The quality of care is compromised and patients are at increased risk of mistakes being made in their treatment, diagnosis and prescription of medication.
'Too late' to kill e-health program
January 25, 2011
THE state government should stick with Victoria's bungled $360 million health technology program because it was finally starting to deliver some benefits, an e-health expert has argued.
Mukesh Haikerwal, who is the federal government's clinical advisor on e-health, said the HealthSMART program had ''a long tortuous history'' but cost savings would not be made by ditching it, only to start again from scratch to build an electronic system to share patient information in hospitals.
The Age revealed yesterday that the state government was considering abandoning the program, which is five years late and $35 million over budget.
Health Minister David Davis said the new government faced ''a genuine dilemma with the myki of the health system''.
HealthSMART, originally due to be completed in 2007, replaced existing financial management systems in hospitals. It was also supposed to introduce clinical systems for electronic prescribing, ordering tests and reporting results to Victorian hospitals, but those programs are now partially running in just four hospitals.
There is also coverage today in the AFR and a few other places.
For those that are interested I have been on this case for a while now:
and as far back as here:
There are a few facts that need to be clear:
First the program is way behind time and over budget.
Second it seems that there has been pretty intense resistance to many clinical applications from the clinicians who are expected to use the software.
Third if the program is to continue as it is presently planned there are a few years to go before key clinical functionality will be universally available - and remember this was the key goal.
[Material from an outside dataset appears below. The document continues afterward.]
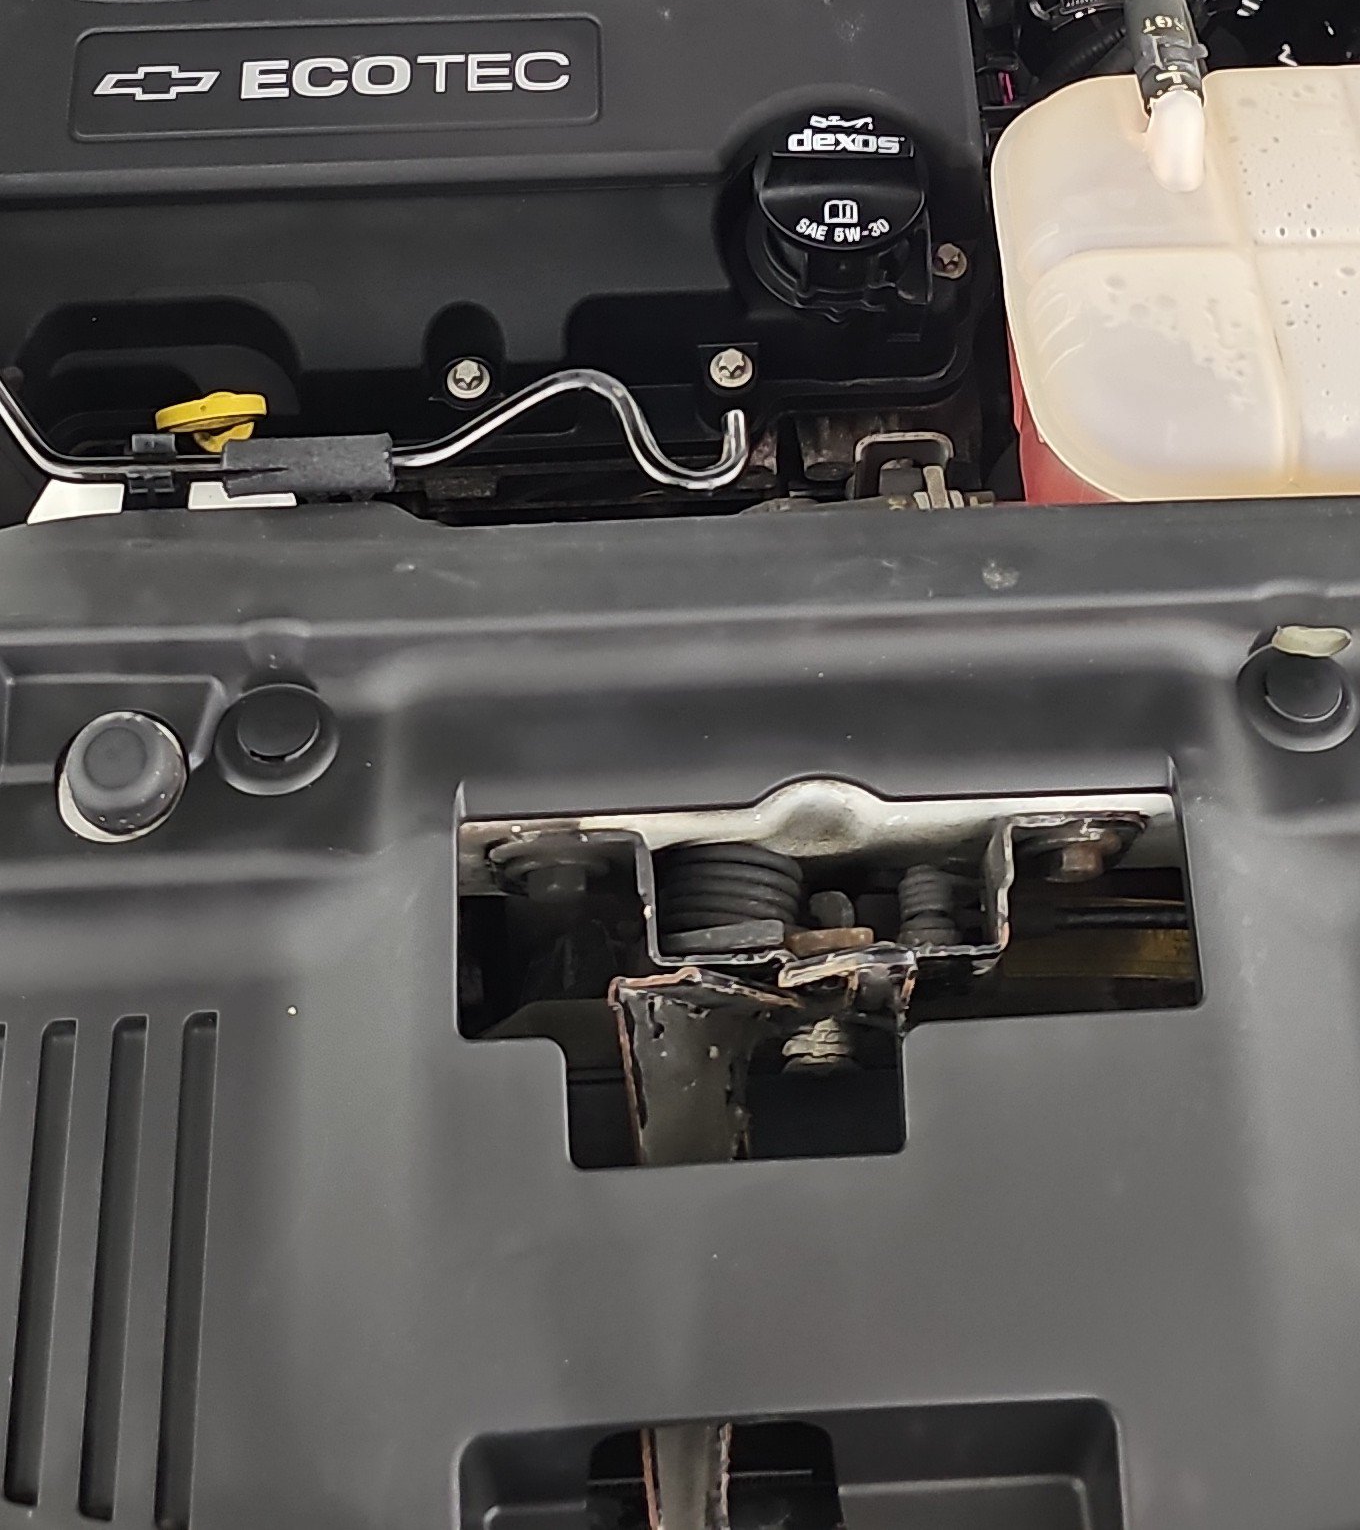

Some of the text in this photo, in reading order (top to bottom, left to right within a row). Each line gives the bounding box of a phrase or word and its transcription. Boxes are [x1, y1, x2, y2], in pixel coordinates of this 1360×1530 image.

[240, 51, 571, 100] ECOTEC
[787, 129, 900, 154] dexos
[795, 218, 890, 243] SAE 5W-30
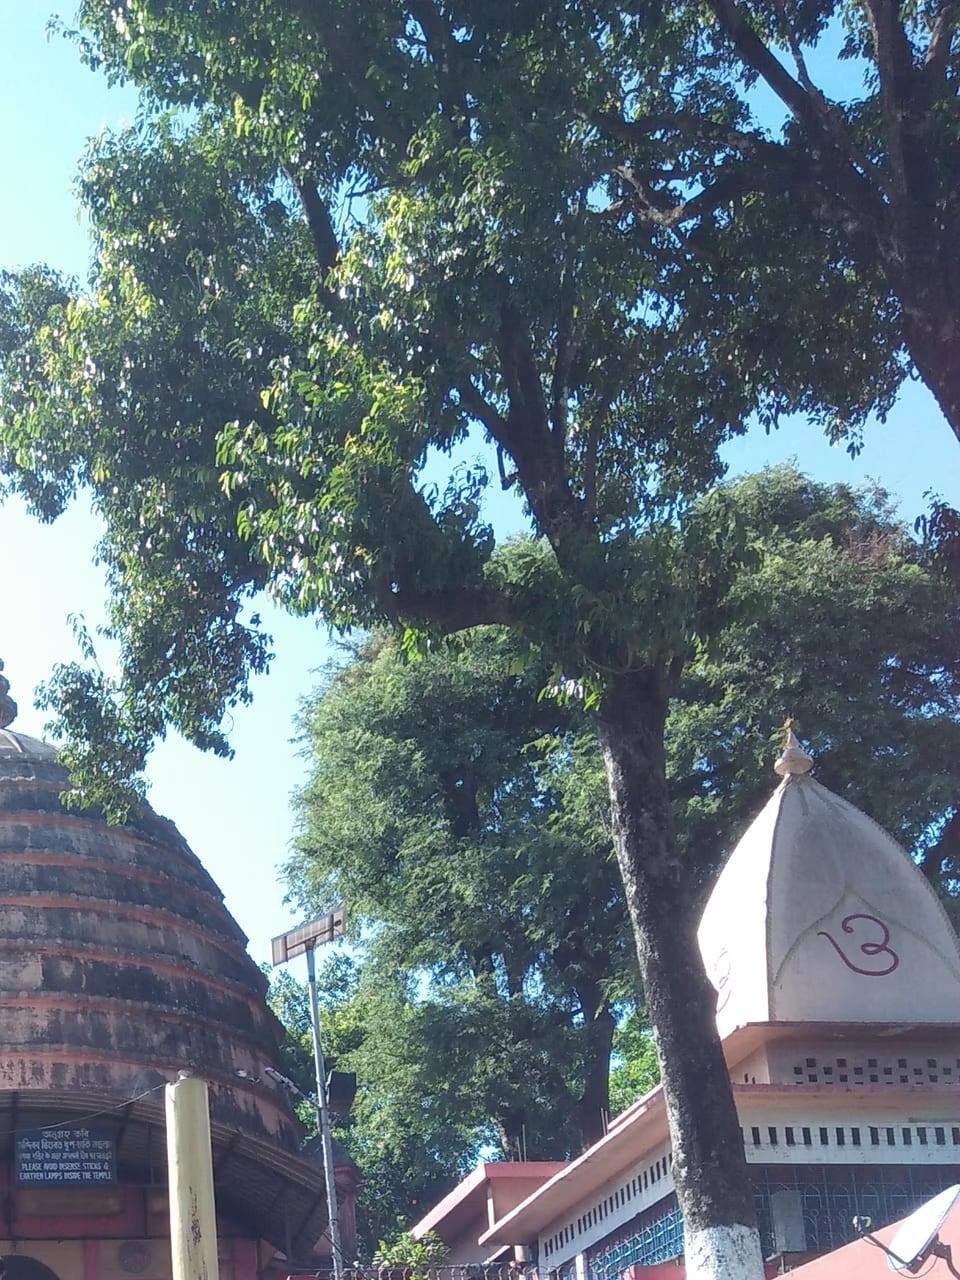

Fourth non HealthSMART initiatives like PACS have gone pretty well as have a range of administrative and basic operational systems.
The bottom line is that all this should not be thrown out - that would be nonsense. What is needed is a clinician focussed in-depth review to establish what is needed to obtain genuine clinician commitment to adoption and use of what is presently on offer for clinicians - with the live option of starting again - with another vendor - in this domain if the present vendor cannot demonstrate they can deliver what clinicians believe they actually need.
This review needs to be externally facilitated, independent and not controlled by the Program in any way. Clinicians need to know their needs are understood and will be answered.
Indeed they need to know they can veto the whole clinical program, by some reasonable democratic process, unless their legitimate needs are actually addressed.
If this is not done - and fast - the entire fiasco will collapse and lead to much increased cost and time wasting. Having come this far and spent this much it is vital that whatever is needed is done to sort out the area of the program where most of the benefits will ultimately flow from!
I note that even after 1 day it is clear this weeks poll is going to say that right now the Program is a total mess!
The national implications for e-Health also should not be ignored, as they are pretty substantial.